Patient: 24-year-old bisexual man attracted to the structure of a local parish but anxious about acceptance. Clinical approach: explicitly discuss safety and inclusion; offer referrals to LGBTQ+-affirming faith communities and secular support groups; collaborate with chaplains trained in LGBTQ+ pastoral care.

As of early 2026, several service and research trends are shaping clinical practice around faith and mental health:

  • Telechaplaincy growth: Following expansion in 2024–2025, telechaplaincy services now sit alongside teletherapy as an accessible option for young adults exploring faith digitally.
  • Hybrid spiritual communities: Churches and spiritual groups increasingly offer hybrid (in-person + livestream) participation, lowering barriers for mobility-challenged or geographically distant young adults.
  • Clinical training expansion: Continuing education modules on spiritual assessment and LGBTQ+-affirming pastoral collaboration have become more widely available for mental health professionals in 2025–2026.
  • Research momentum: Funded studies are increasingly focusing on which models of faith-integrated psychotherapies best serve diverse young adults. Expect more nuanced guidance in clinical guidelines by 2027.

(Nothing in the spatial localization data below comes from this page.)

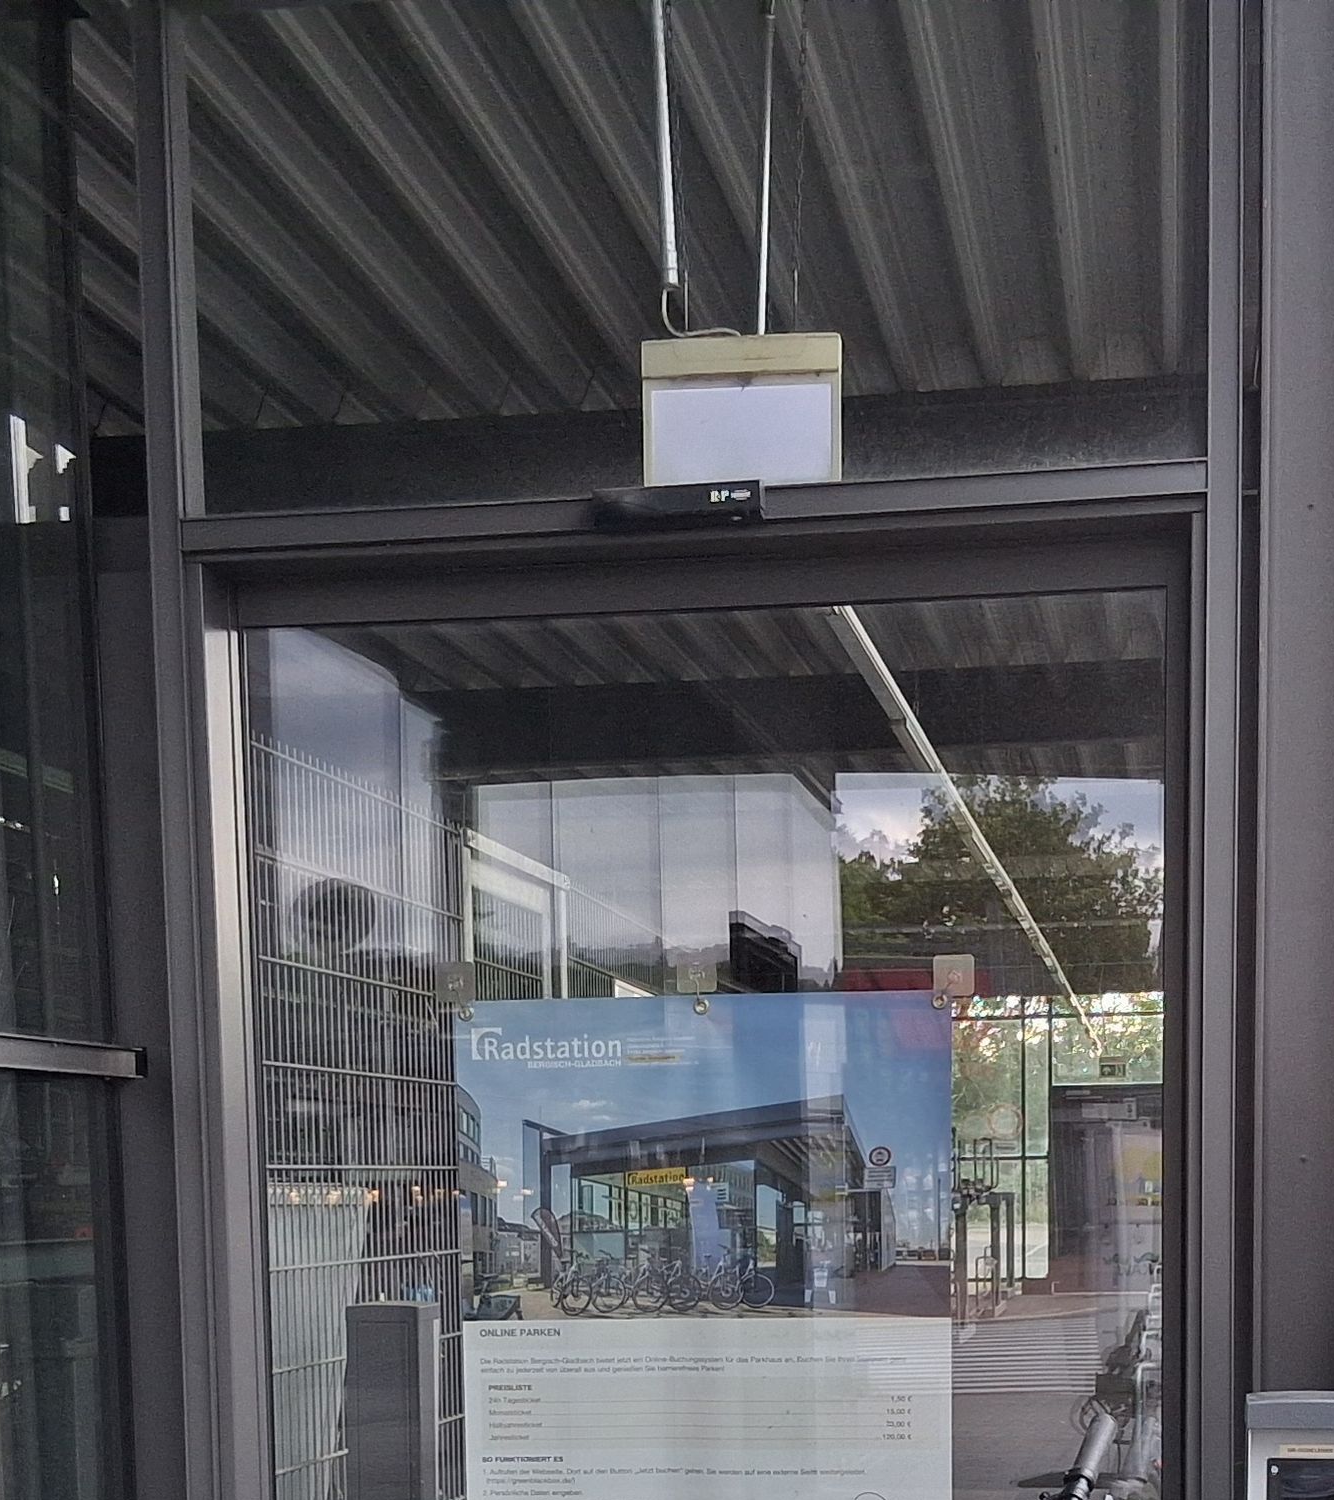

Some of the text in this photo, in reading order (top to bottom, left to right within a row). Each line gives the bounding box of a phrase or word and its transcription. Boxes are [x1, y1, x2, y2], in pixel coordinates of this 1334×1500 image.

[484, 1033, 622, 1060] Radstation
[479, 1328, 561, 1338] ONLINE PARKEN
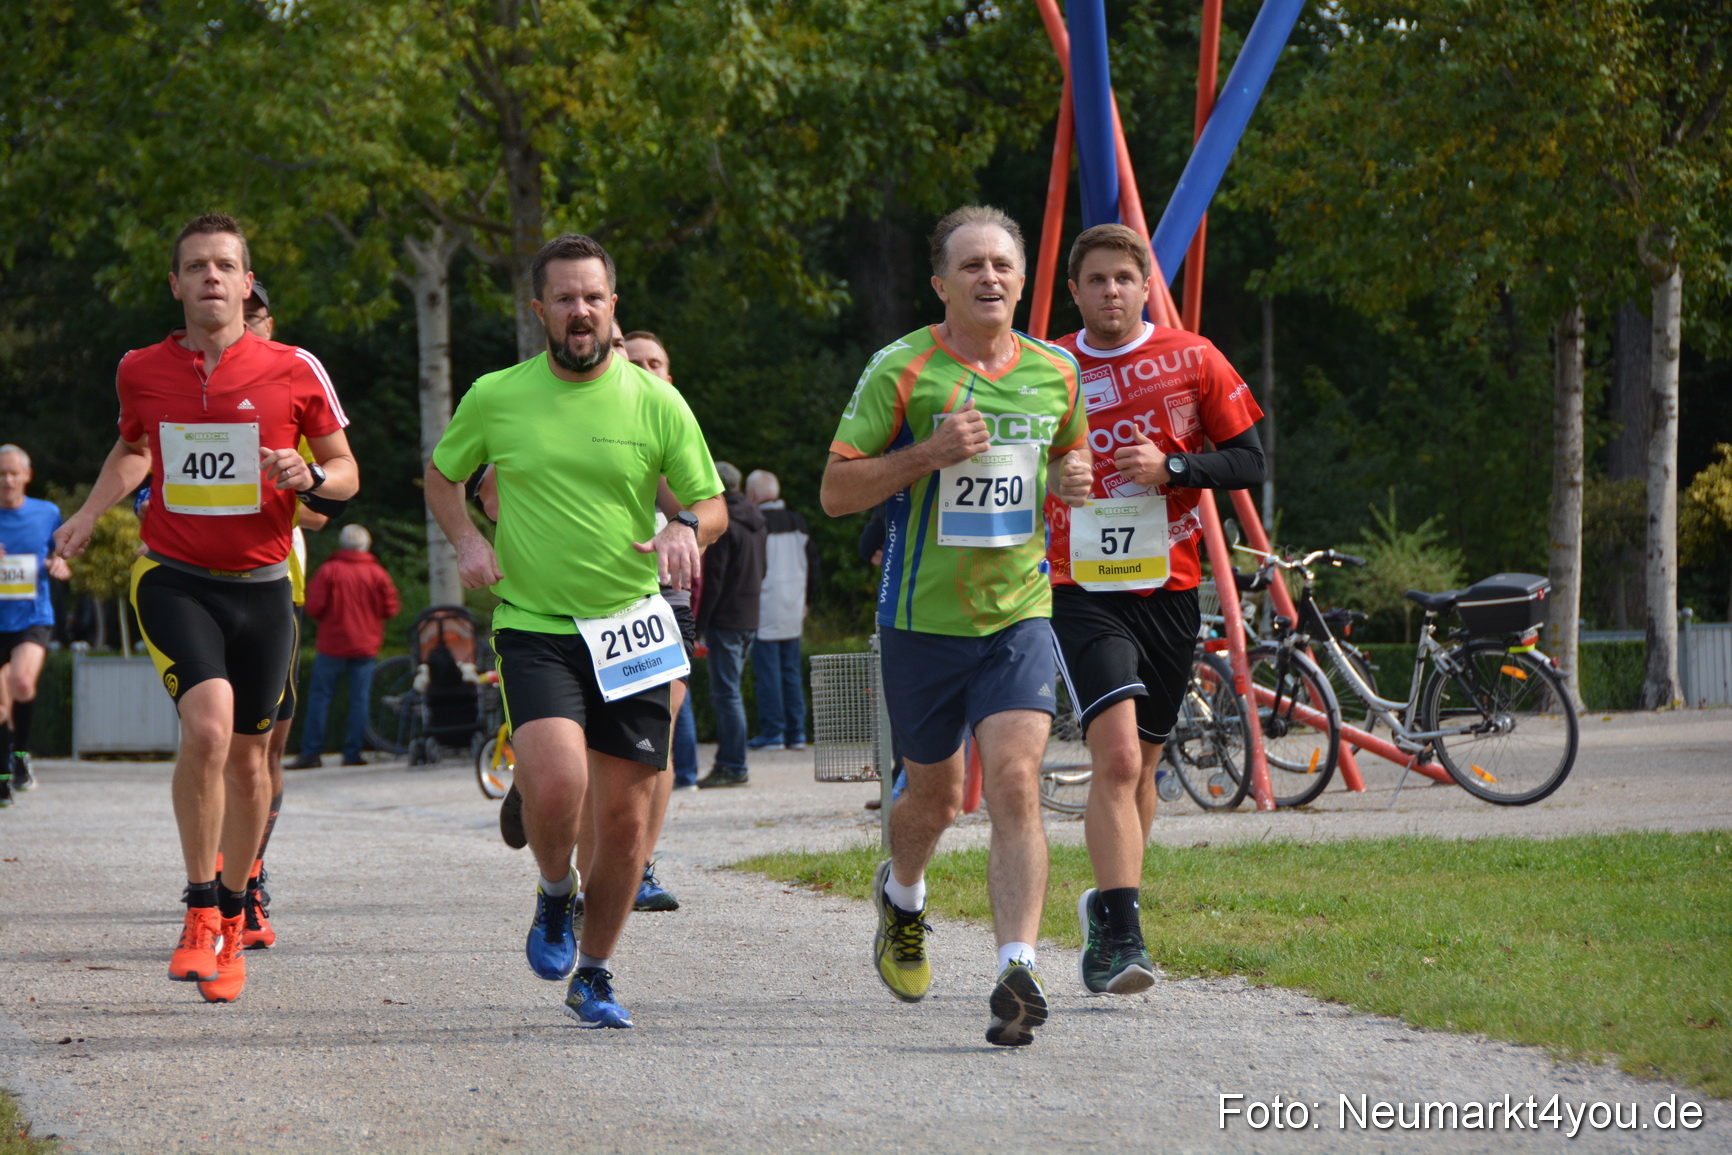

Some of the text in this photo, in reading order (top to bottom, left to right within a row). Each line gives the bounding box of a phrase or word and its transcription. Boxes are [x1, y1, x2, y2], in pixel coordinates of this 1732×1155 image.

[1128, 378, 1181, 400] schenken
[194, 432, 230, 441] BOCK
[591, 436, 647, 448] Dorfner-Apotheken
[182, 452, 236, 480] 402
[981, 454, 1014, 464] BOCK
[955, 475, 1023, 507] 2750
[1103, 506, 1139, 515] BOCK
[1100, 526, 1136, 556] 57
[1098, 563, 1143, 576] Raimund
[600, 614, 665, 661] 2190
[622, 656, 664, 678] Christian

Practical resources for clinicians

  • Use standardized spiritual history tools (FICA, HOPE, SPIRIT) adapted for time-pressured settings.
  • Maintain a vetted list of local and online affirming faith communities and chaplains.
  • Build partnerships with community leaders to create safe referral pathways.
  • Include spiritual-wellness metrics in routine outcome tracking when relevant (e.g., FACIT-Sp for spiritual well-being).

Ethical considerations and boundary guidance

Integrating spirituality into care demands clear ethical guardrails:

  • Never impose your beliefs or proselytize.
  • Obtain explicit consent before incorporating spiritual content into therapy.
  • Recognize power differentials between clinicians and spiritual leaders within communities and document informed referrals.

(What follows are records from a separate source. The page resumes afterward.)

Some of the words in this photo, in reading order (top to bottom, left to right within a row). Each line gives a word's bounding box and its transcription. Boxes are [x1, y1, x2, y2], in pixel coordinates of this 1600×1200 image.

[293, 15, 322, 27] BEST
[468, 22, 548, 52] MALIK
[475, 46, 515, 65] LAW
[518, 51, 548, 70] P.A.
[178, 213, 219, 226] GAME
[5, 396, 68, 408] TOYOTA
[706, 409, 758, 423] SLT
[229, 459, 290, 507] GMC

Final synthesis: What Lamorna Ash teaches clinicians and caregivers

Lamorna Ash’s movement between Quaker silence and Anglican worship is a microcosm of modern spiritual searching: iterative, pragmatic, and entwined with identity work. For many young adults, religious exploration provides ritualized coping, intergenerational contact, and frameworks for meaning. Yet the clinical outcome depends on the community fit, inclusivity, and whether faith practices complement or replace evidence-based care.

In short: faith is neither a universal prescription nor a universal risk. It is clinical data — rich, complex, and worthy of routine attention.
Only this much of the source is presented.